How to complete this task -> Leave every picture out. Set down all the lines below exactly.

The input ->
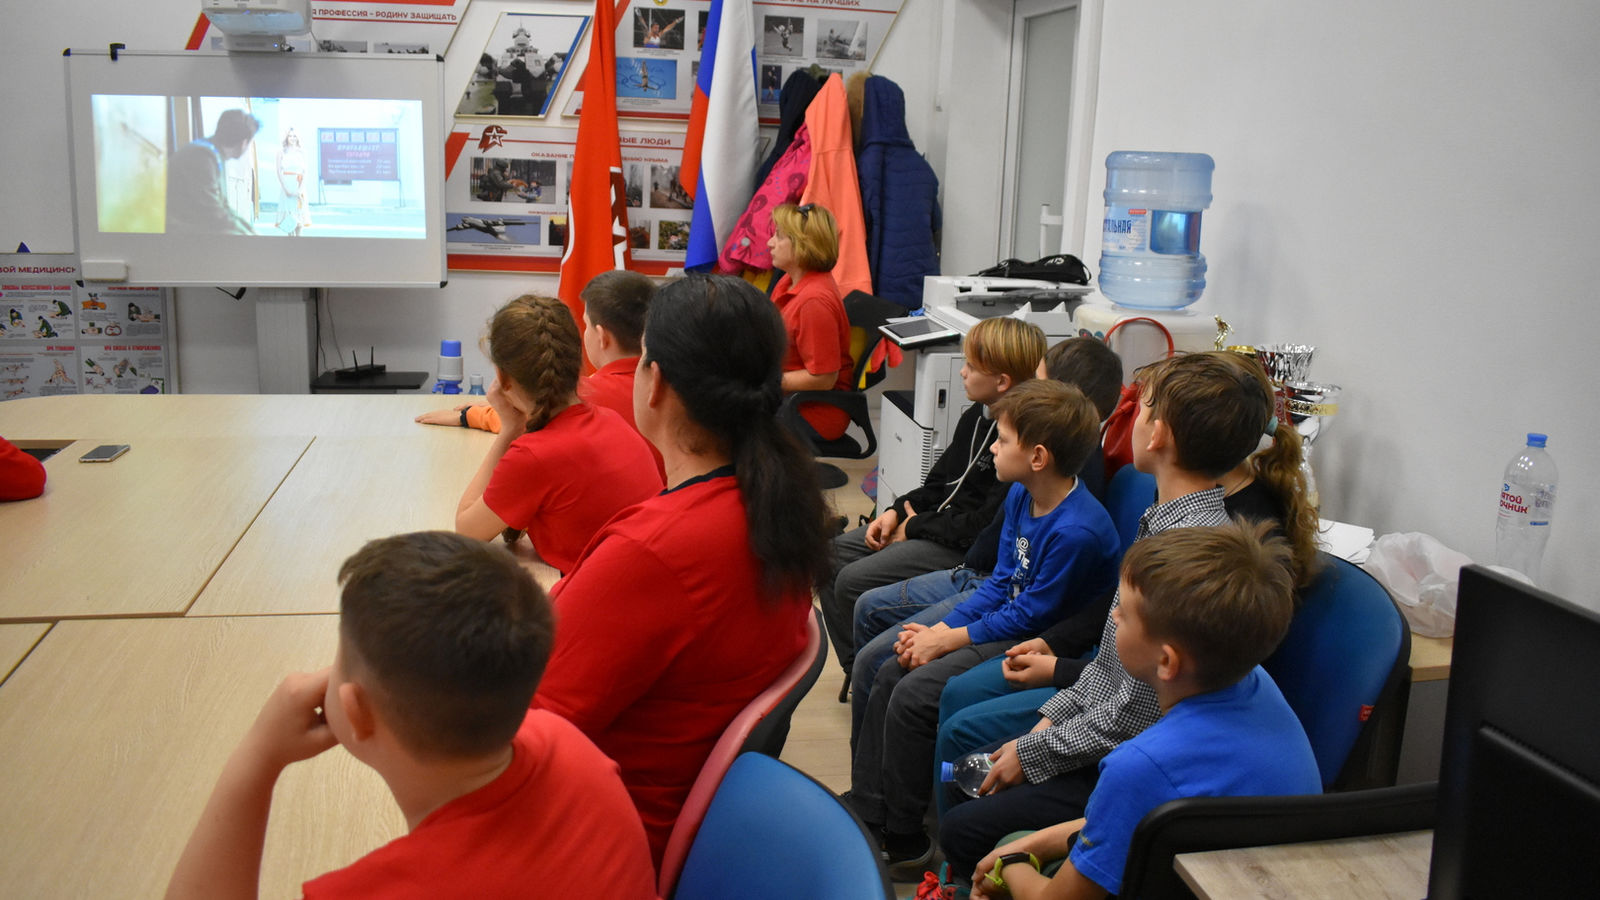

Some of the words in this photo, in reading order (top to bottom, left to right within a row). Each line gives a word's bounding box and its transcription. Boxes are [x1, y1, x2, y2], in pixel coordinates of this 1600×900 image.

[318, 8, 369, 17] ПРОФЕССИЯ
[375, 11, 408, 19] РОДИНУ
[410, 12, 457, 21] ЗАЩИЩАТЬ
[640, 137, 671, 146] ЛЮДИ

Output for this task ->
Some of the words in this photo, in reading order (top to bottom, left to right within a row). Each line gives a word's bounding box and its transcription. Boxes are [x1, y1, x2, y2], in pixel coordinates of this 1600×900 image.

[318, 8, 369, 17] ПРОФЕССИЯ
[375, 11, 408, 19] РОДИНУ
[410, 12, 457, 21] ЗАЩИЩАТЬ
[640, 137, 671, 146] ЛЮДИ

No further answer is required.